Although the end of the Cold War was approaching, the Soviet Union was still not allowing their young ice hockey players to leave the country to play in the NHL. The Red Wings worked for over two years to get Konstantinov to Detroit. Konstantinov had previously signed a 25-year contract committing himself to CSKA Moscow which was a department of the Russian army. If he deserted, he would be considered a felon in Russia, which would make him ineligible for a work visa in the United States. He also had a wife and daughter, and would not consider leaving without them.

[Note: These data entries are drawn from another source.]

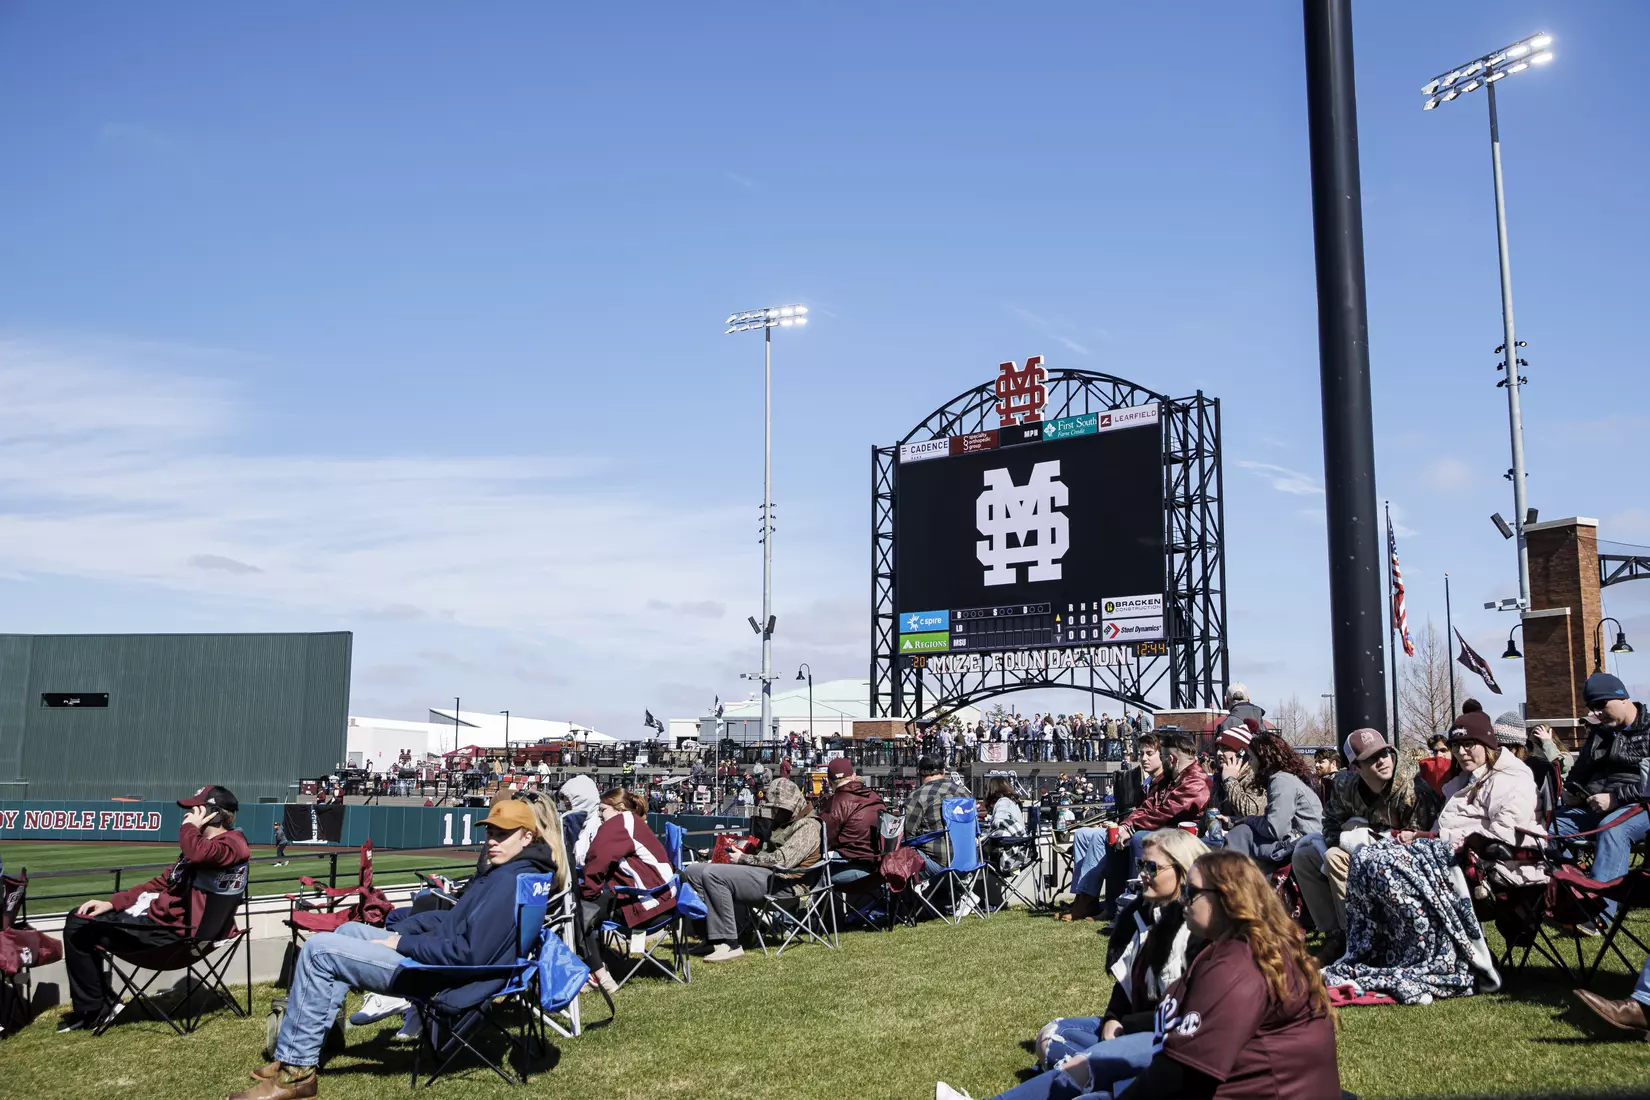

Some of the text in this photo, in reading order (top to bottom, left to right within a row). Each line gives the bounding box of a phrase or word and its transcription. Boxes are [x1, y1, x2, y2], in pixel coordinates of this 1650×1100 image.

[1114, 409, 1157, 423] LEARFIELD
[1058, 416, 1097, 431] First South
[1023, 429, 1039, 438] MPH
[910, 440, 949, 454] CADENCE
[1068, 601, 1098, 612] R H E
[1115, 598, 1161, 608] BRACKEN
[956, 611, 962, 619] B
[993, 608, 998, 617] S
[1115, 605, 1162, 613] CONSTRUCTION
[1068, 613, 1098, 626] 0 0 0
[955, 624, 963, 633] LB
[1056, 623, 1061, 634] 1
[1120, 626, 1135, 634] Steel
[1068, 628, 1099, 641] 0 0 0
[953, 638, 967, 648] MSU
[1136, 642, 1166, 657] 12:44
[932, 653, 982, 675] MIZE
[0, 810, 162, 831] Y NOBLE FIELD
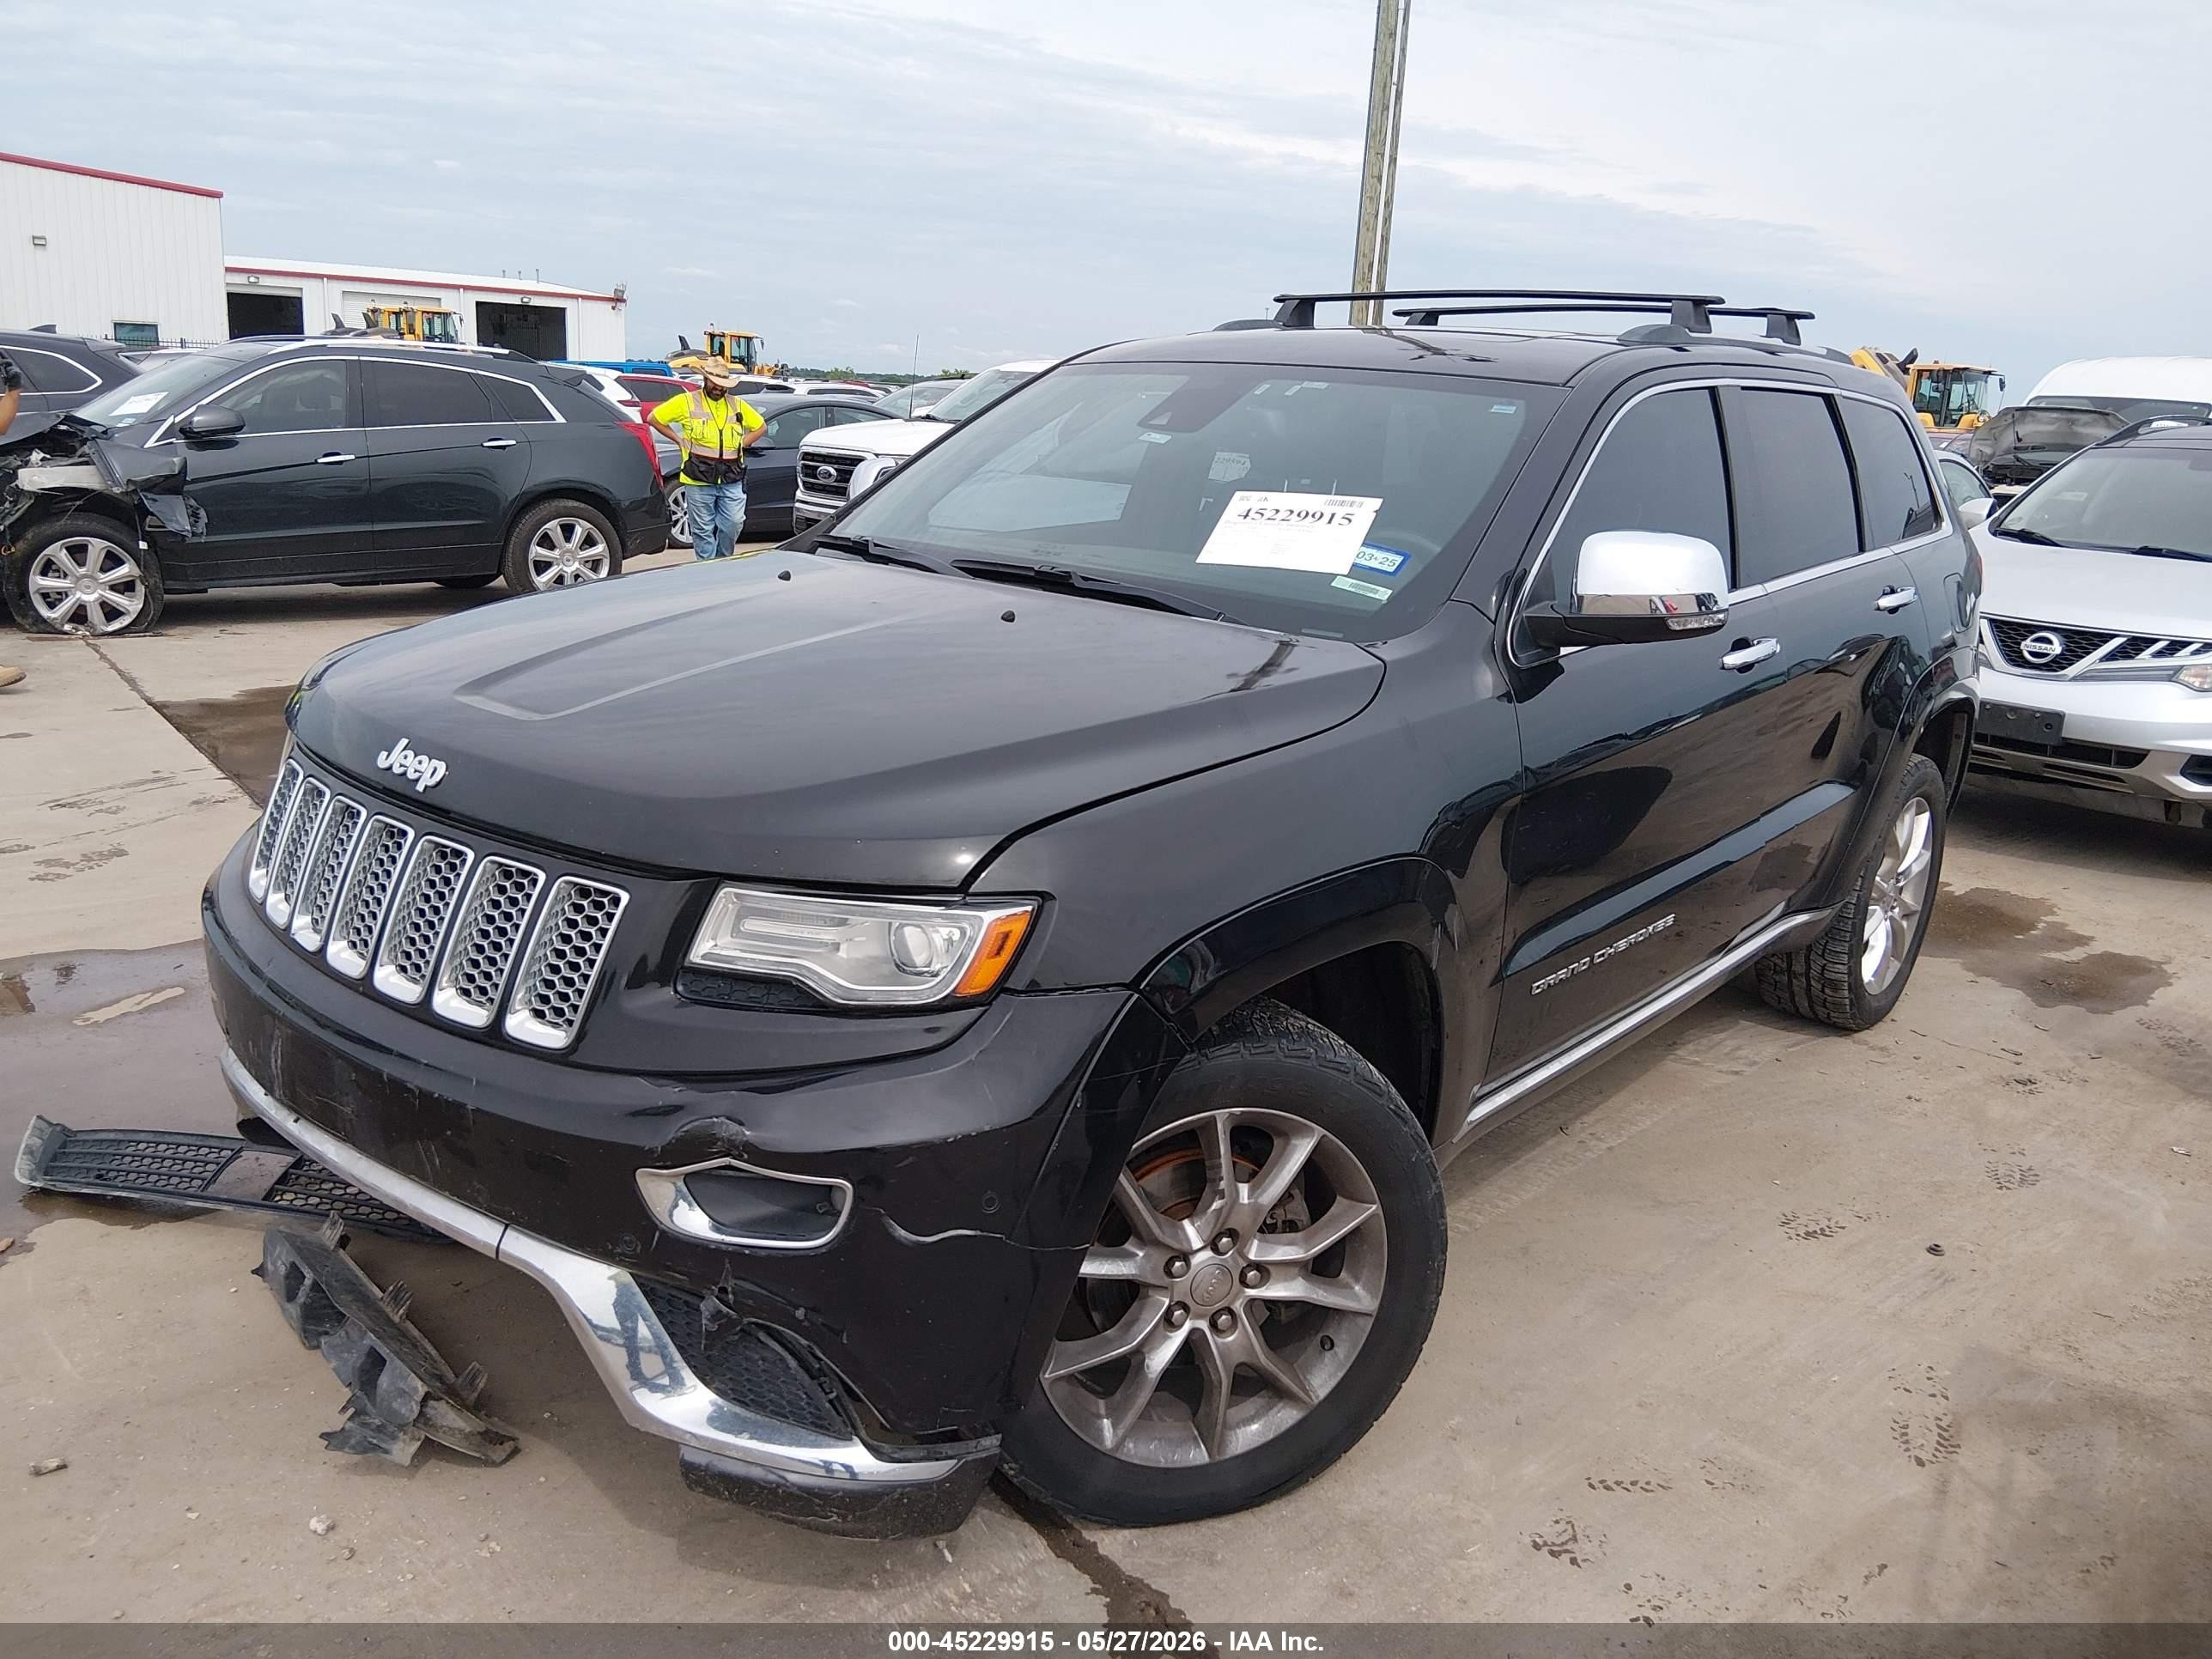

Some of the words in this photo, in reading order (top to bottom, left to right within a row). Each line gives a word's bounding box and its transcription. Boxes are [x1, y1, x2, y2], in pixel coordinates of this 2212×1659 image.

[1238, 507, 1355, 526] 45229915
[1378, 556, 1398, 567] 25
[2024, 644, 2057, 653] NISSAN
[377, 738, 447, 793] Jeep
[1531, 957, 1590, 995] GRAND
[1594, 913, 1675, 964] CHEROKEE
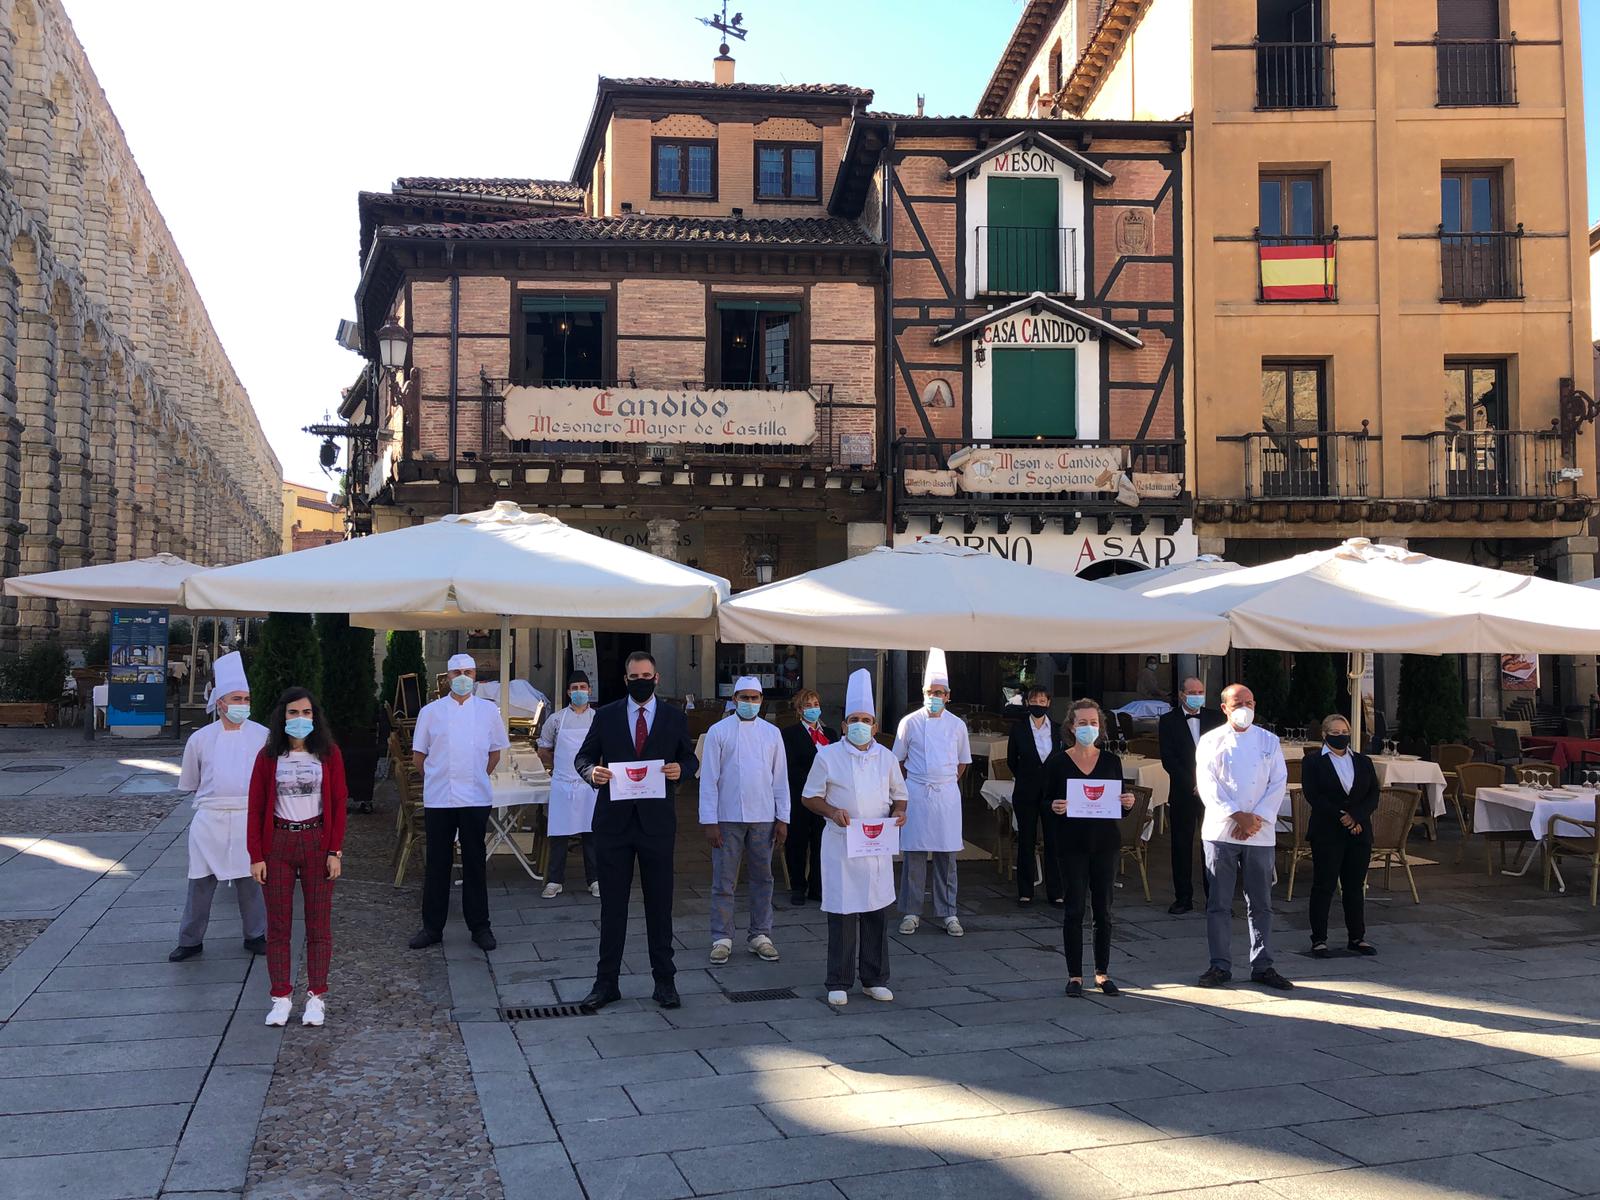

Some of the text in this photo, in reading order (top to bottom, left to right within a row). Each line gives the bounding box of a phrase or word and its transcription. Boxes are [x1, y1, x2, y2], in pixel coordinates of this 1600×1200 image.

A Russian journalist named Valery Matveev worked with Wings executive vice-president Jim Lites to secure an army discharge for Konstantinov. With cash provided by the Red Wings, Matveev bribed six Russian doctors to diagnose and confirm that Konstantinov had inoperable cancer, and thus secured his medical discharge from the military in the summer of 1991. The Red Wings were planning to fly Konstantinov and his family out from Russia and get him to Detroit in time for the start of training camp in September, but the 1991 Soviet coup d'état attempt forced a change in plans. With the airports closed, Matveev took the family by train to Budapest. Lites met them there, in Red Wings' owner Mike Ilitch's private jet, and went back to Detroit with Konstantinov aboard. His wife and daughter followed two days later on a commercial flight.

===Detroit Red Wings===
Konstantinov played more aggressively than most of his Russian contemporaries, specializing in getting opponents off their game. "For my game," he explained, "I don't need to score the goal. I need someone to start thinking about me and forgetting about scoring goals." While he was known as "Vladdie" to his teammates, his aggressive style of play earned him the nicknames "Vladiator" and "Vlad the Impaler" among the media and fans, as well as "the Red Shark".

Konstantinov was part of the unit known as "The Russian Five", which consisted of him and fellow defenseman Slava Fetisov, and forwards Igor Larionov, Sergei Fedorov and Slava Kozlov.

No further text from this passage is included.